ジブリが好きなデザイナーです。昨日のYahoo!ニュースで「君たちはどう生きるか」が初放送されるという記事が出ていましたね!

たまにはファンらしく、ジブリに関連した作品を紹介しようと思います。「君たちはどう生きるか」と同じく、饒舌でちょっとうさんくさい鳥が登場する、1980年に公開されたフランスのアニメーション映画「王と鳥」です。

高畑勲監督、宮崎駿監督に大きな影響を与えた”ジブリの原点”として、三鷹の森ジブリ美術館ライブラリーからDVDが発売されています。

古典アニメーション映画としても純粋に楽しめる映画なので、ぜひおすすめしたい作品です!

映画概要

監督:ポール・グリモー

脚本:ジャック・プレヴェール

公開:1980年

あらすじ

舞台は空高くそびえ立つ巨大な塔でできた架空の王国。
この国を支配するのは、自己中心的で残酷なシャルル5世+3世+8世です。

みんながこの傲慢な王様のご機嫌を取るなか、王様に妻を殺された鳥だけが彼を嘲笑します。

孤独な王様が唯一心を惹かれるのは、自分の秘密の部屋に飾っている絵の中の「羊飼いの娘」です。

しかしある夜、その「羊飼いの娘」は、自分の絵の斜向かいにある「煙突掃除の青年」と恋に落ち、絵から逃げ出してしまいます。

同じく絵から抜け出した肖像画の王様は、本物の王様となり替わって、兵士を使い二人を追いかけます。

ですが、鳥が二人の逃亡を手助けし、王国は混乱に陥ります。


脚本を書いたジャック・プレヴェールはフランスの国民的詩人であり、原作はアンデルセンの童話であるためキャラクターやモチーフは絵本のような世界観ですが、それぞれに社会的・政治的な寓意が込められているため、大人も楽しめるストーリーとなっています。

制作過程

高畑監督がアニメーションの道を志す動機を与えたこちらの映画ですが、公開年がさほど古くないことに気づかれましたでしょうか。

実は影響を与えたのは「王と鳥」の全身であり1952年に公開された「やぶにらみの暴君」という映画なのです。

複雑な事情があるこの両作品の制作過程を簡単に説明します。

もともとは戦後間もない1947年に、監督のポール・グリモーと脚本家ジャック・プレヴェールによって制作が開始されたのですが、なかなか完成しないまま4年が経ち、制作費も尽きてしまいます。そのためプロデューサーが二人の意に反して無理やり編集し公開してしまったのが、「やぶにらみの暴君」です。

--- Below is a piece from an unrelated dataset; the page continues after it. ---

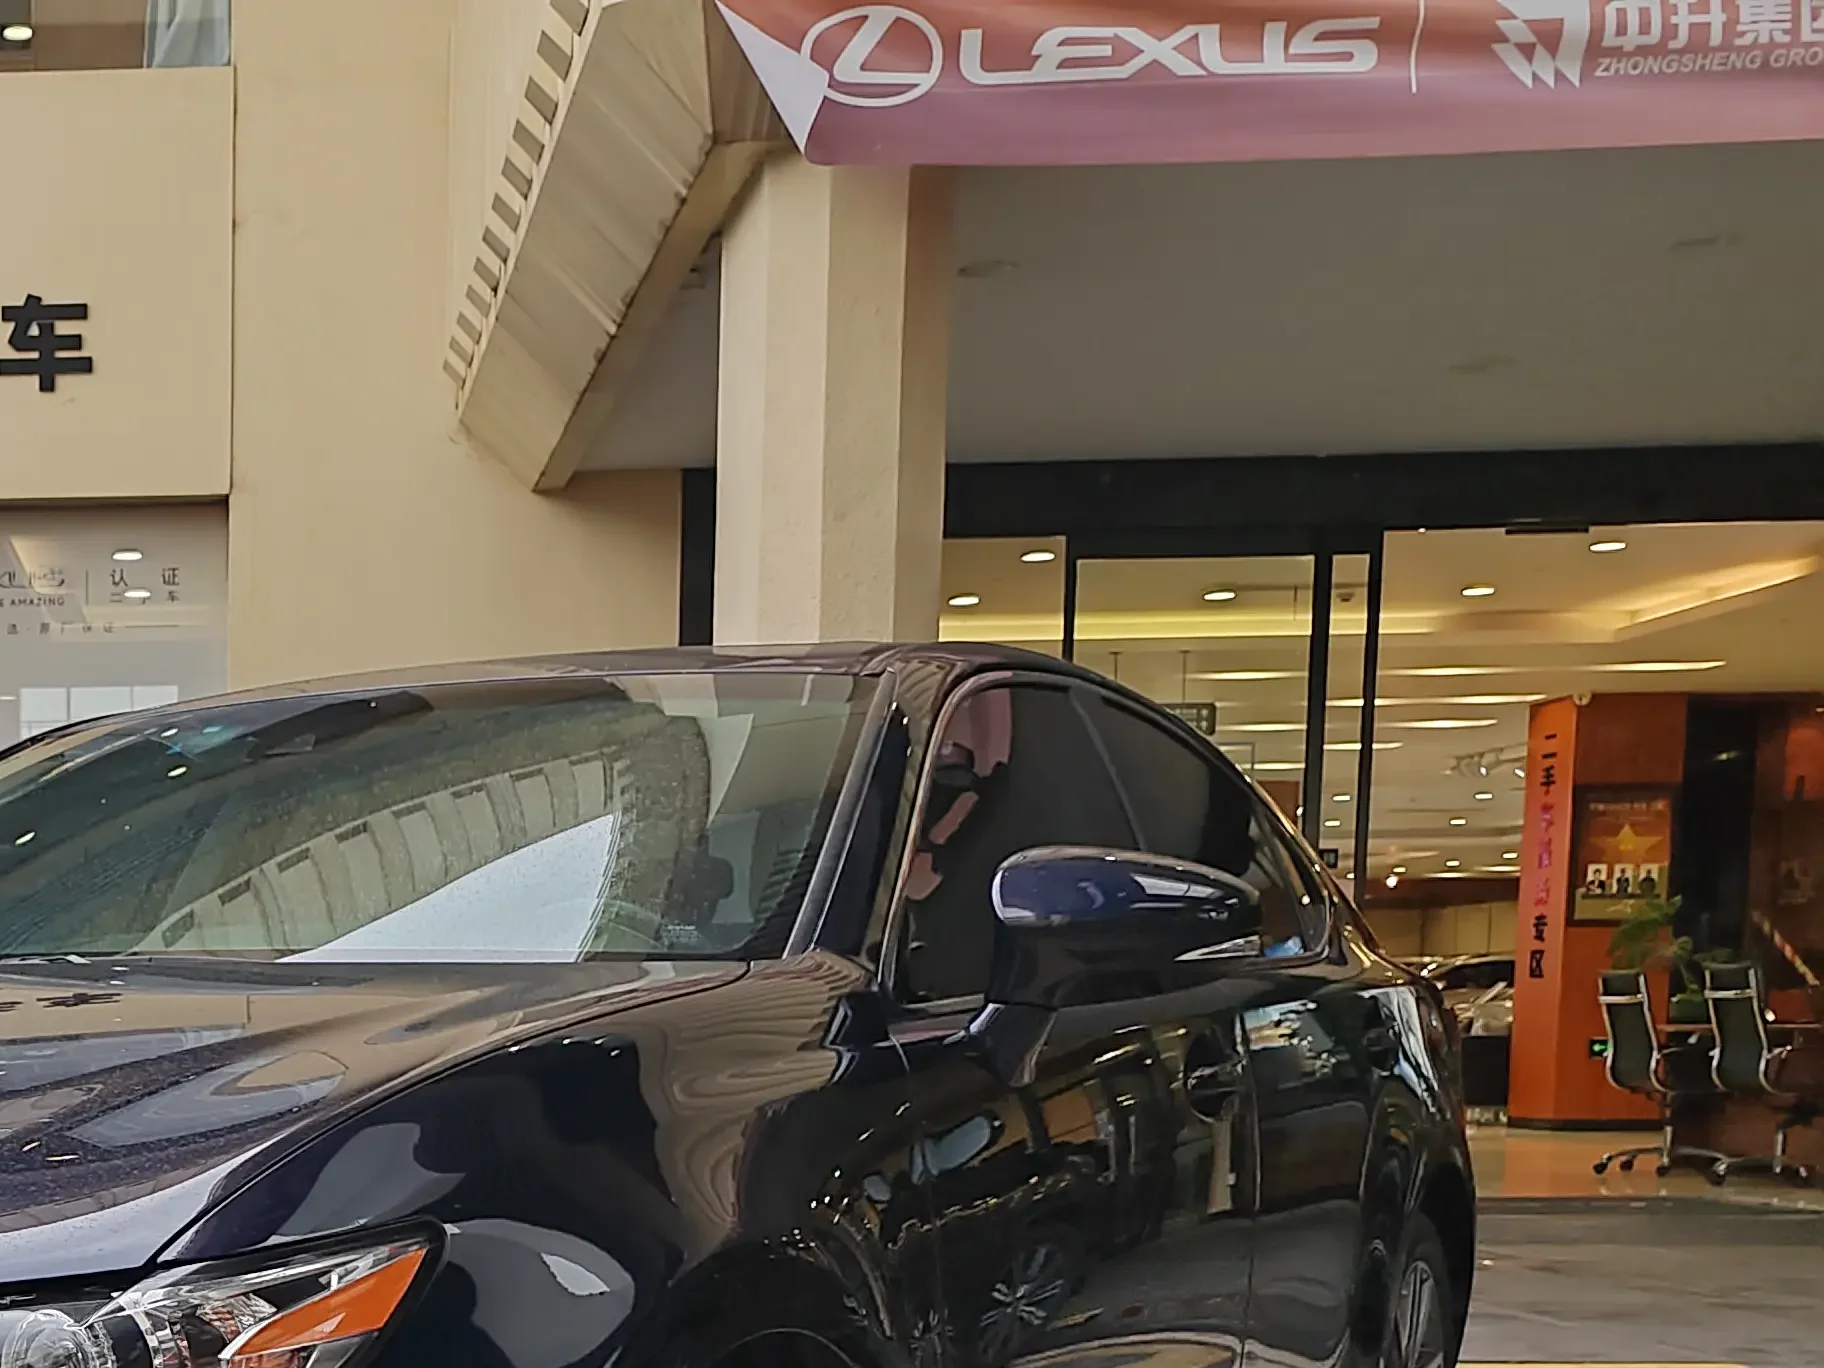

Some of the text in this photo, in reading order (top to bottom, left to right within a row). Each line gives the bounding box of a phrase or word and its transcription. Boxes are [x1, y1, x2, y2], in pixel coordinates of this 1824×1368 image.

[959, 16, 1379, 86] LEXUS
[1594, 47, 1824, 77] ZHONGSHENG GRO

その後、長い時間をかけてグリモーは作品の版権とネガを買い戻し、制作費を10年がかりで集め、高齢化してしまったスタッフの代わりに新しい若いスタッフで作り直したものが「王と鳥」なのです。

まさしく執念とも言える制作過程ですが、皮肉なことに両作を見た当時の批評家には、「王と鳥」より「やぶにらみの暴君」の優れているとされています。しかし、「やぶにらみの暴君」は版権を買ったグリモーの意思によって封印され、現在見ることができません。

ジブリ作品への影響

鑑賞して感じたジブリ作品との共通点は、視覚的な独創性と、子どもも大人も楽しめるテーマ性です。

視覚的な独創性

宮崎作品で印象に残るシーンはもちろん数えきれないほどありますが、ビジュアルとして強い力を持つカットは、”縦の構図”が多く用いられています。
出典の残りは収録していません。